When Nannapaneni returned to India in 1999, Natco’s finances were in a shambles. A year earlier, burdened by excessive debt, his father had sold off a successful respiratory business to Sun. The senior Nannapaneni, who worked in the U.S. for 13 years before returning to India to set up Natco in 1981 and is a chemist by training, retained the research and low-margin contract manufacturing business making bulk drugs.

Natco then was a small company with sales of Rs 15 crore. As a bulk drug supplier, it had to invest upfront to build manufacturing capacities and consistently faced price pressures from imports or otherwise. From the beginning, Nannapaneni had an aversion to the capital-intensive, low-margin business; instead, he wanted to capture better value for his father’s research skills. Natco’s technical prowess was well known—it synthesised complex products such as sustained- and time-release dosage forms, where drugs are released in the body at preset intervals. Natco’s chemistry skills were proven too—it made tough-to-copy cancer drugs, which involved navigating several patents around processes to synthesise a single drug. The generic version of Nexavar, sorafenib, involves peptide chemistry, an area only few companies in India, such as Cipla and Sun, dabble in. It has synthesised the generic drug of gleevac—Natco calls it imatinib—by claiming that Novartis’s patents for the product were invalid. That case is still in court. Cipla is the only other company which cracked the code for gleevac in India.

Nannapaneni decided early that Natco should focus on utilising its capability in chemistry by launching formulations rather than merely being a manufacturer. In 2003, Natco launched its formulations division, putting out more than 30 products in one go, to be sold as prescription medicines through doctors. Further, Natco focussed on anti-cancer drugs such as gleevac.

Today, domestic formulations contribute to nearly 40% of sales, of which 80% comes from oncology products. There are two advantages to this strategy: Natco did not waste its energies trying to launch me-too products and, therefore, played a price war with Ranbaxy and Cipla, which have larger distribution teams. Natco has just a 200-strong sales force for its Rs 190 crore domestic formulation sales, averaging a crore per person.
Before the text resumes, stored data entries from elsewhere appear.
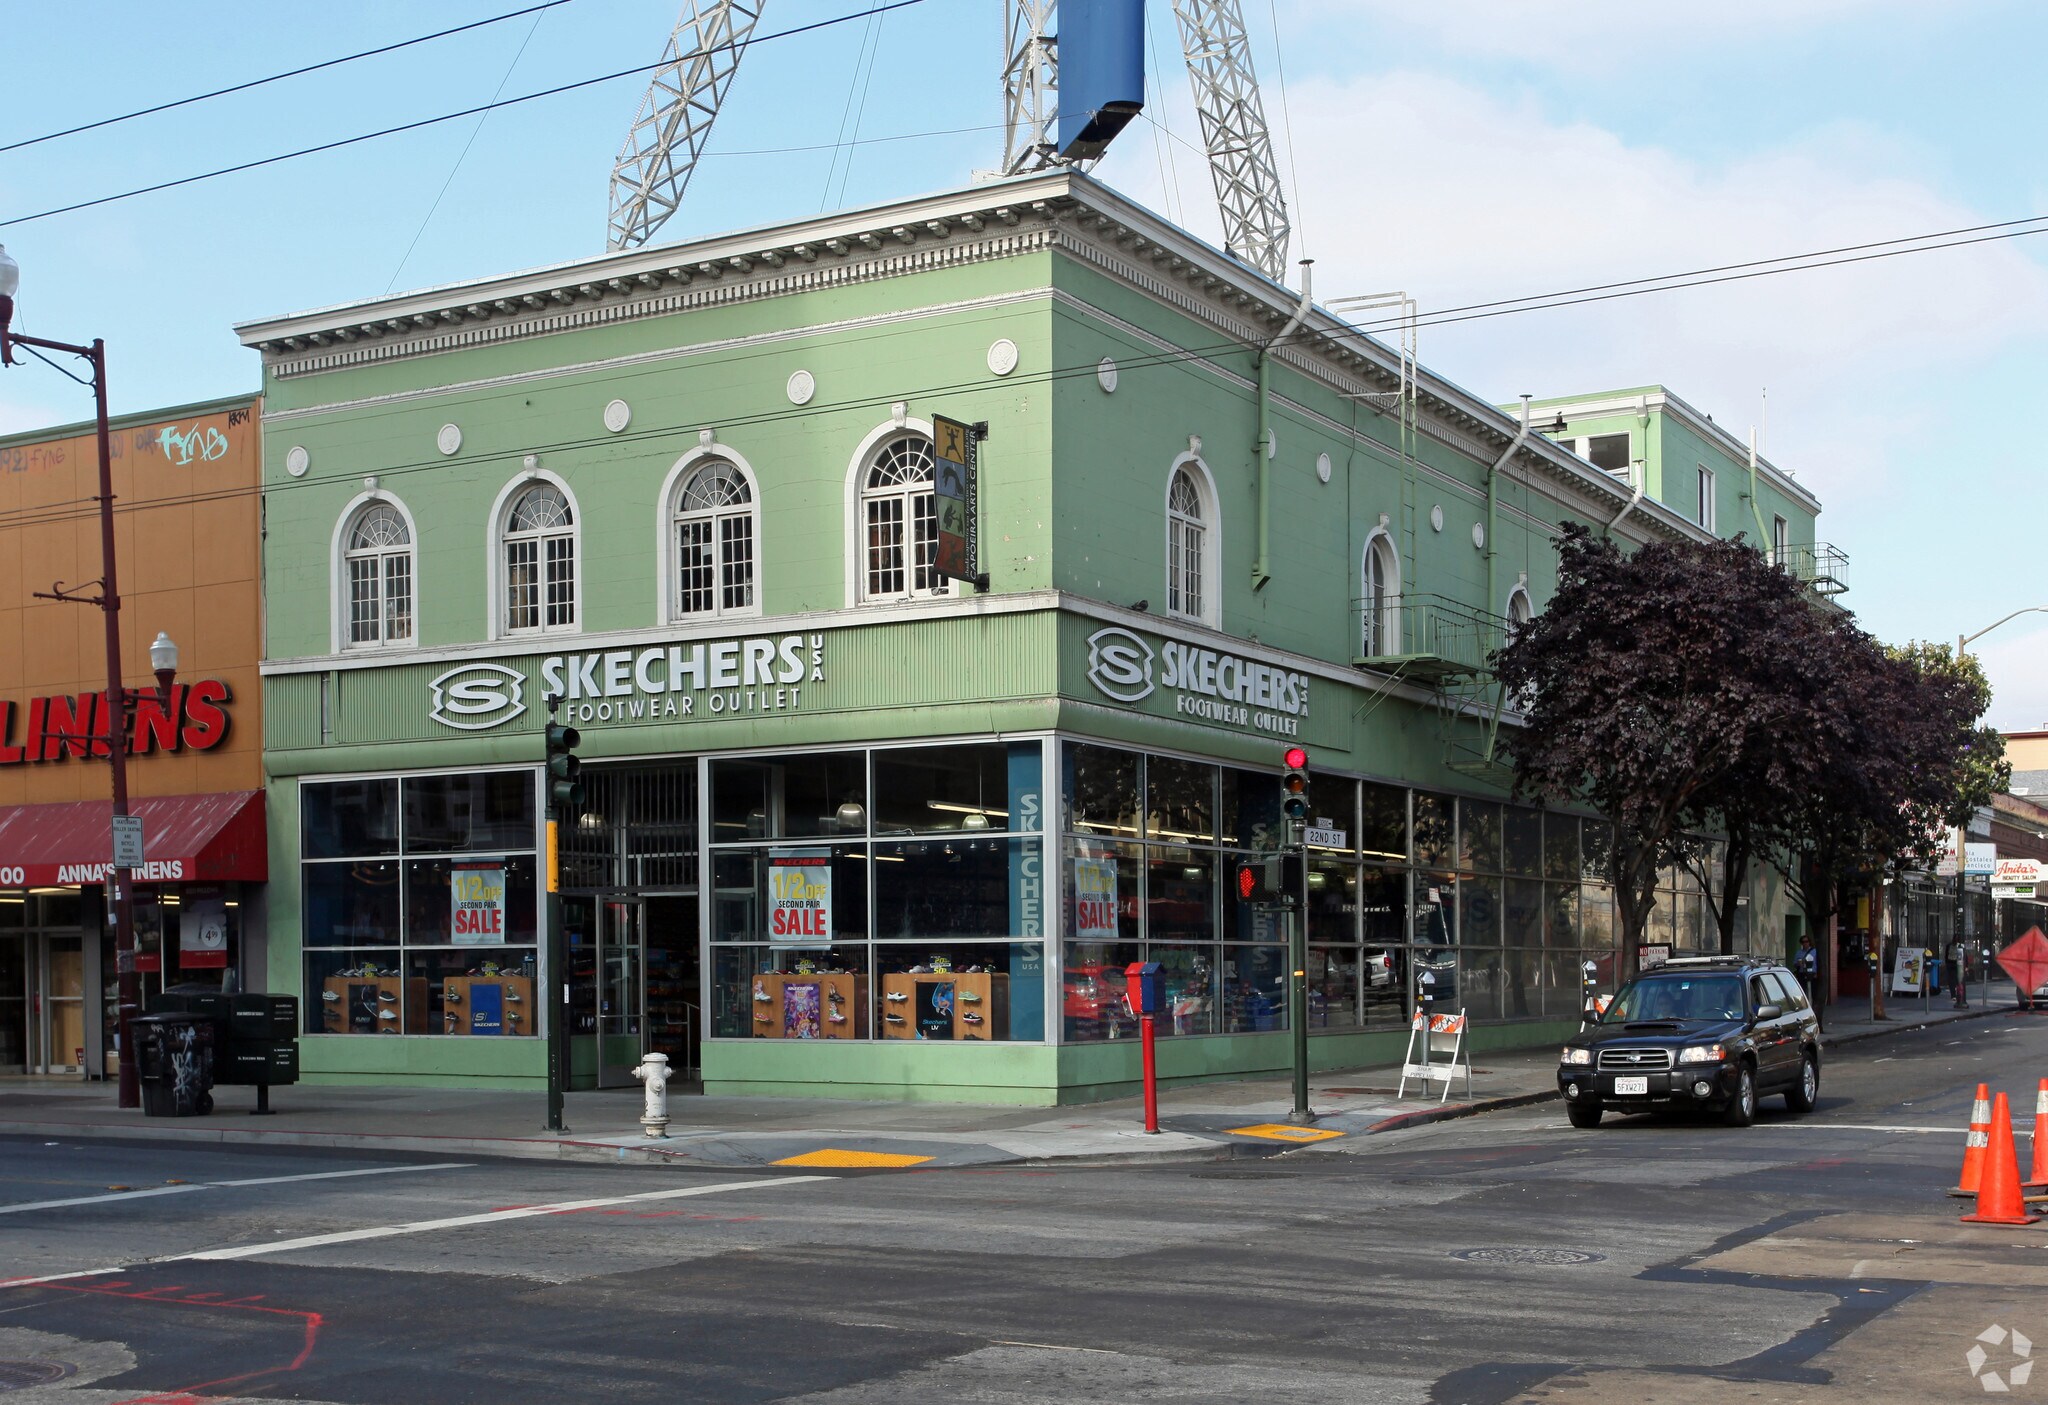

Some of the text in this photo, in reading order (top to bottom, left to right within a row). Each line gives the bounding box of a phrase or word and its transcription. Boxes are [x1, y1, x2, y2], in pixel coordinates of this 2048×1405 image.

[541, 635, 806, 702] SKECHERS
[811, 635, 825, 682] USA
[1161, 640, 1300, 715] SKECHERS
[566, 687, 801, 723] FOOTWEAR OUTLET
[1300, 675, 1309, 717] USA
[1176, 694, 1298, 736] FOOTWEAR OUTLET
[1310, 831, 1340, 845] 22ND ST
[57, 859, 183, 883] ANNA'S INENS
[773, 858, 827, 866] SKECHERS
[1994, 861, 2038, 877] Anita's
[774, 872, 827, 900] 1/2 OFF
[1020, 794, 1040, 962] SKECHERS
[460, 901, 497, 909] SECOND PAIR
[778, 900, 821, 908] SECOND PAIR
[1078, 901, 1115, 929] SALE
[455, 909, 502, 934] SALE
[773, 908, 827, 935] SALE
[1640, 947, 1648, 956] NO
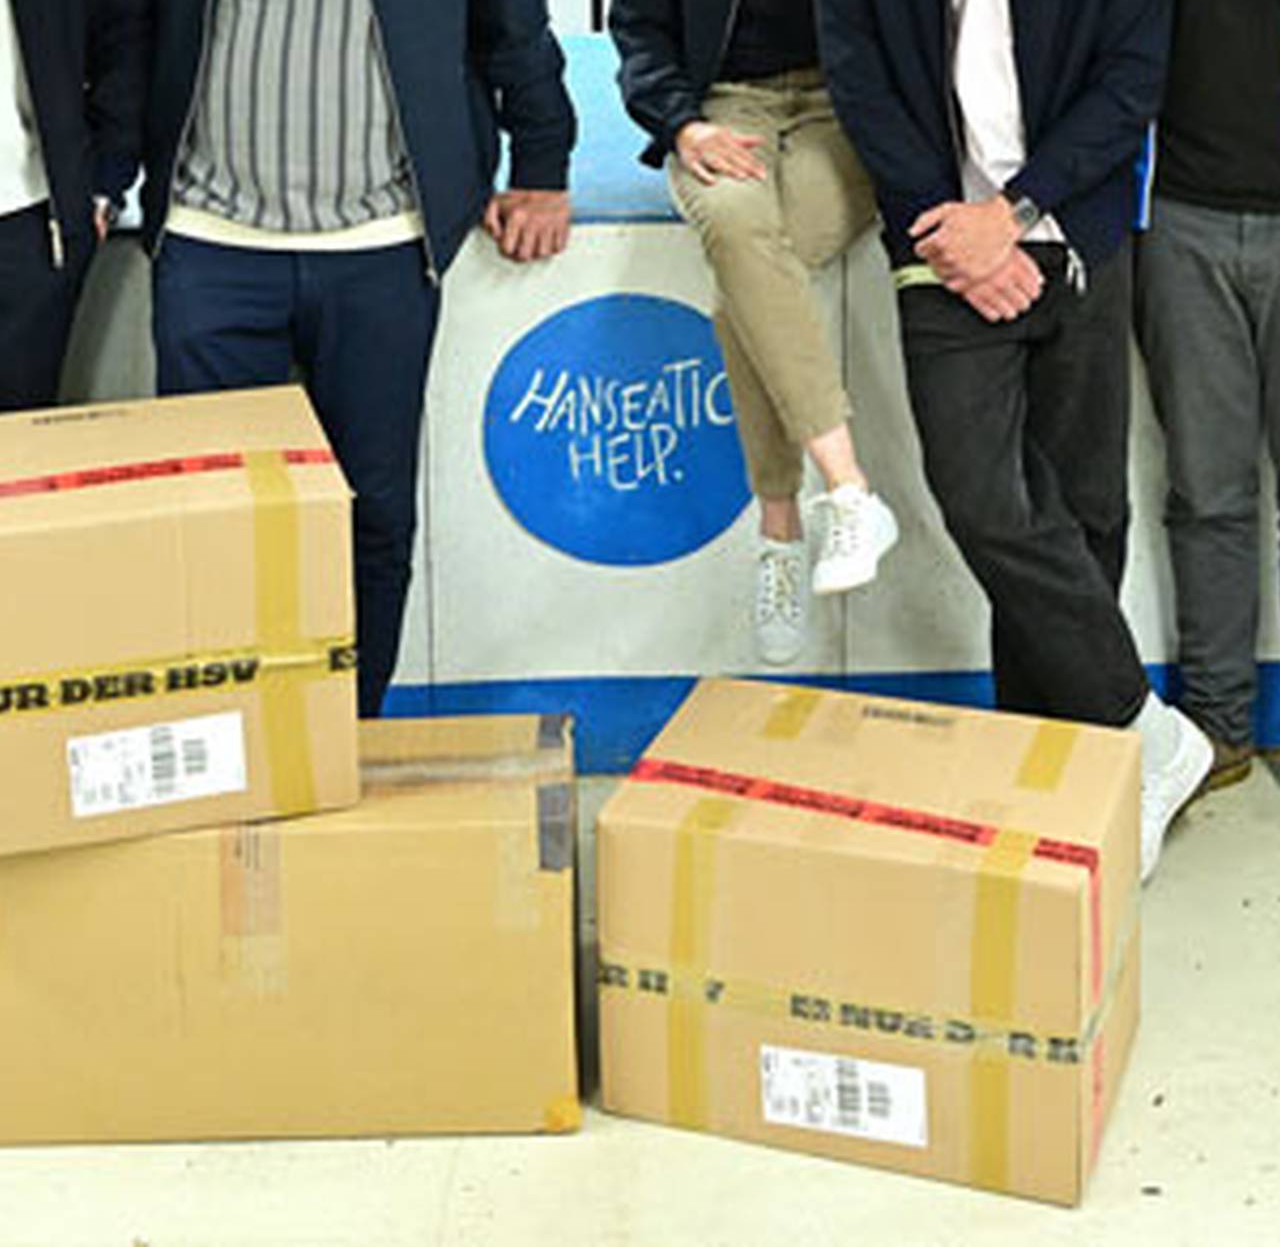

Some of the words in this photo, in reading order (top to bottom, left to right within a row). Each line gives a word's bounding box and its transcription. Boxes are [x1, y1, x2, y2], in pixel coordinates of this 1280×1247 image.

[509, 358, 734, 436] HANSEATIC
[569, 413, 684, 490] HELP.
[59, 670, 154, 706] DER
[164, 657, 260, 692] HSV
The industry norm for Indian companies that have a few thousands in their rolls is half of what a Natco salesperson does.

Backed by a steadily growing business and windfall gains expected from exclusive generics, Nannapaneni says he has the appetite to go for a few more compulsory licences. There are two more in the pipeline, both anti-cancer, but he won’t disclose which therapies the drugs address. A close associate of his in the pharma business in Hyderabad, who did not want to be named, says Nannapaneni is most likely to target multinationals that don’t have a significant presence in India. So, by strategy, he won’t entangle himself with a company such as Pfizer, which demonstrated its might by stopping the manufacture of sidenafil citrate, Viagra’s chemical name, by India’s Orchid Chemicals. That wasn’t under compulsory licence though.

Despite having bagged the first compulsory licence within a year of application, Nannapaneni feels that the process is only going to get difficult going forward. Multinationals could subsidise the cost of drugs through various patient support programmes and come across as more sympathetic, for example. “Usually, the first success is the toughest, but in this case the complexities are only going to increase,” says Nannapaneni.

Natco’s counsel Hariharan feels pressure will increase as there is a precedent now for granting compulsory licences. IPA’s Shah, however, feels that a lot will finally depend on the government and its ability to withstand global pressure on compulsory licences. Says Nannapaneni: “Somebody had to get a compulsory licence. We did it and will do it again.”